> _Exercise details_:
The answer is the line that contains "this 1920×1080 image." followed by every later line of the entries below, each repeated exactly, and nothing else.

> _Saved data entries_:
☆ ☆ ☆ ☆ ☆
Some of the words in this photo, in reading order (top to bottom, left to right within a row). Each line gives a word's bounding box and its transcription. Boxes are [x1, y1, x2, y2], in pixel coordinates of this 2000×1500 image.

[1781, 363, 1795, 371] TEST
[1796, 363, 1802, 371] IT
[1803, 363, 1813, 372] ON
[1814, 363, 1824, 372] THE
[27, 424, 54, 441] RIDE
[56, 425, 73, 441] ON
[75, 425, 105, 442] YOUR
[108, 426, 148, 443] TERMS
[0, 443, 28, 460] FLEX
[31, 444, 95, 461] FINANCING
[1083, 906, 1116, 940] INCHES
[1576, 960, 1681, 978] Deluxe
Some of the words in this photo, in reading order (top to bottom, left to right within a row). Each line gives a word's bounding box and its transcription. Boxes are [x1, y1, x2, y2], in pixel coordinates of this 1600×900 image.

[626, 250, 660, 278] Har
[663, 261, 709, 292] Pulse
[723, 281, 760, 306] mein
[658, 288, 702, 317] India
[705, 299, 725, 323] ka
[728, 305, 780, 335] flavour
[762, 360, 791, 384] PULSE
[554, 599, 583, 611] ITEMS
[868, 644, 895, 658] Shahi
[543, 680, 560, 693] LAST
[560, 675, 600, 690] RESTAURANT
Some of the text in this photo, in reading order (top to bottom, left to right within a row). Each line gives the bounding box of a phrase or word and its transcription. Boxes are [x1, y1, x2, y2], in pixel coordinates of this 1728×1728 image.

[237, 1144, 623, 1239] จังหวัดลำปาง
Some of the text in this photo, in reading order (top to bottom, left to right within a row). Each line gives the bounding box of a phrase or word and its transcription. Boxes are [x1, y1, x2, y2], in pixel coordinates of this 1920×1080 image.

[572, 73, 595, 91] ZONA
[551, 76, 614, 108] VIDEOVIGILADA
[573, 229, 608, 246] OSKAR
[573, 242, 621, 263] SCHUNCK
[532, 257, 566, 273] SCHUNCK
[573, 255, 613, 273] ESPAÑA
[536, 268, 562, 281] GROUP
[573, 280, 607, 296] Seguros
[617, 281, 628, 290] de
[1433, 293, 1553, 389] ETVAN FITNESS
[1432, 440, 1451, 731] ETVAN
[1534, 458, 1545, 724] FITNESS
☆ ☆ ☆ ☆ ☆
> _Answer box_:
Some of the text in this photo, in reading order (top to bottom, left to right within a row). Each line gives the bounding box of a phrase or word and its transcription. Boxes are [x1, y1, x2, y2], in pixel coordinates of this 1920×1080 image.

[572, 73, 595, 91] ZONA
[551, 76, 614, 108] VIDEOVIGILADA
[573, 229, 608, 246] OSKAR
[573, 242, 621, 263] SCHUNCK
[532, 257, 566, 273] SCHUNCK
[573, 255, 613, 273] ESPAÑA
[536, 268, 562, 281] GROUP
[573, 280, 607, 296] Seguros
[617, 281, 628, 290] de
[1433, 293, 1553, 389] ETVAN FITNESS
[1432, 440, 1451, 731] ETVAN
[1534, 458, 1545, 724] FITNESS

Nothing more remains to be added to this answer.